Following the meeting at 10 a.m., the nuns plan to symbolically march around the Board of Education seven times with musicians playing "Joshua Fought the Battle of Jericho" on trumpets, trombones and saxophones. This is inspired by the Biblical story found in the book of Numbers, which says Joshua led the Israelites around the city of Jericho seven times until the walls of the city fell.
The group will then hold a voter-registration drive until 12:30 p.m. at Venice on Vine (1301 Vine St.) in Over-the-Rhine to "thwart the damage done by the purge of thousands of voters in Cincinnati."

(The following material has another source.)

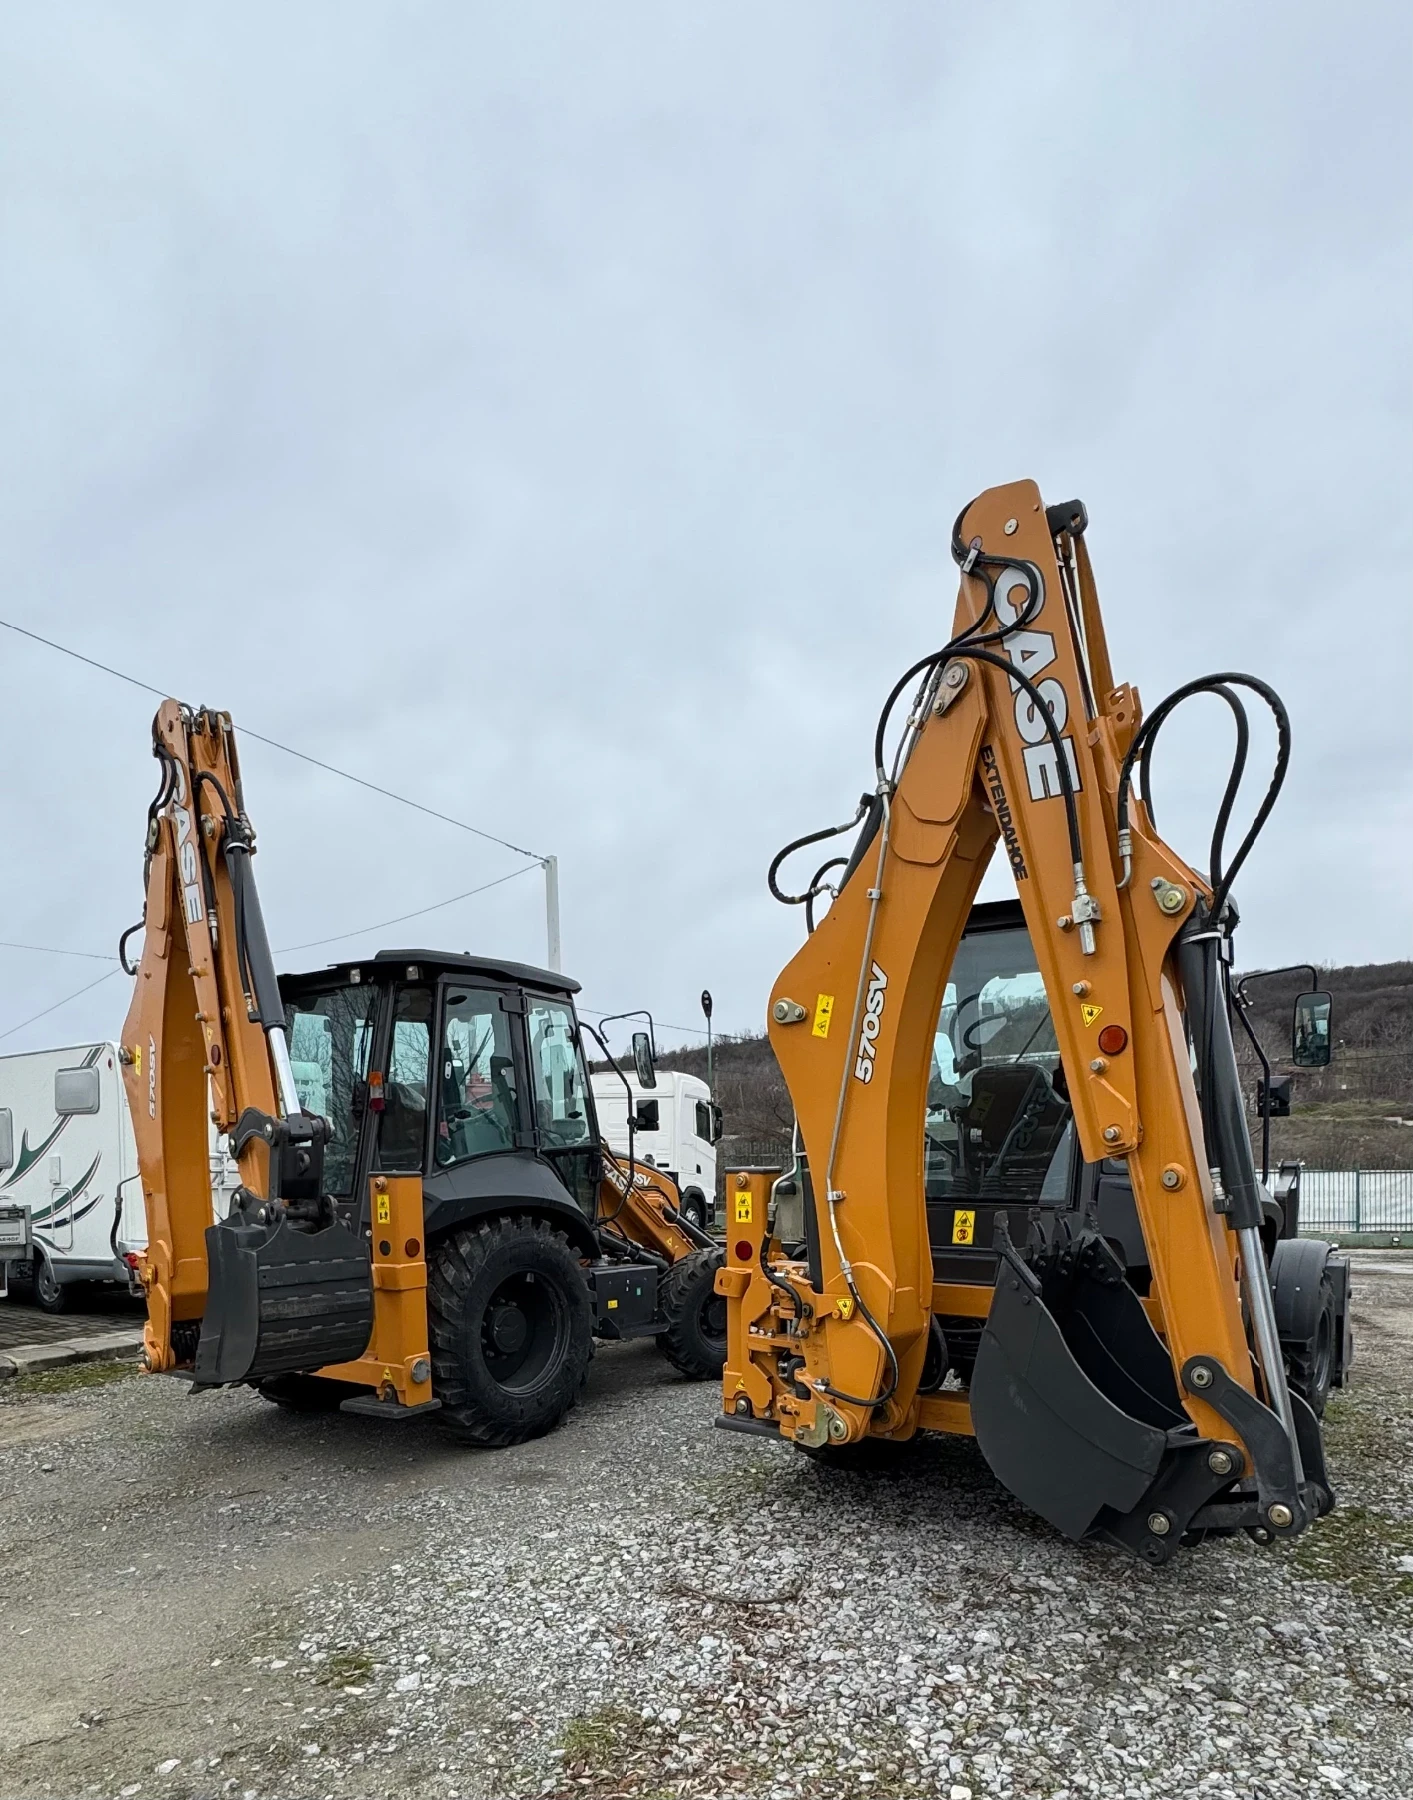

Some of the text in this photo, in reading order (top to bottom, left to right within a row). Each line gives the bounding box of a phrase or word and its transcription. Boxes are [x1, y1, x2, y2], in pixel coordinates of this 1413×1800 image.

[994, 560, 1083, 802] CASE
[981, 745, 1029, 881] EXTENDAHOE
[854, 959, 888, 1085] 570SV

"Low-income, minority voters are negatively impacted by this," said Amanda Seitz, WCPO political reporter. "They might not have the time, for example, to go to the polls if they're working two jobs and update their voter registration every single year like a more affluent voter would. So they're specifically looking in low-income areas to make sure minority voters here are re-registered."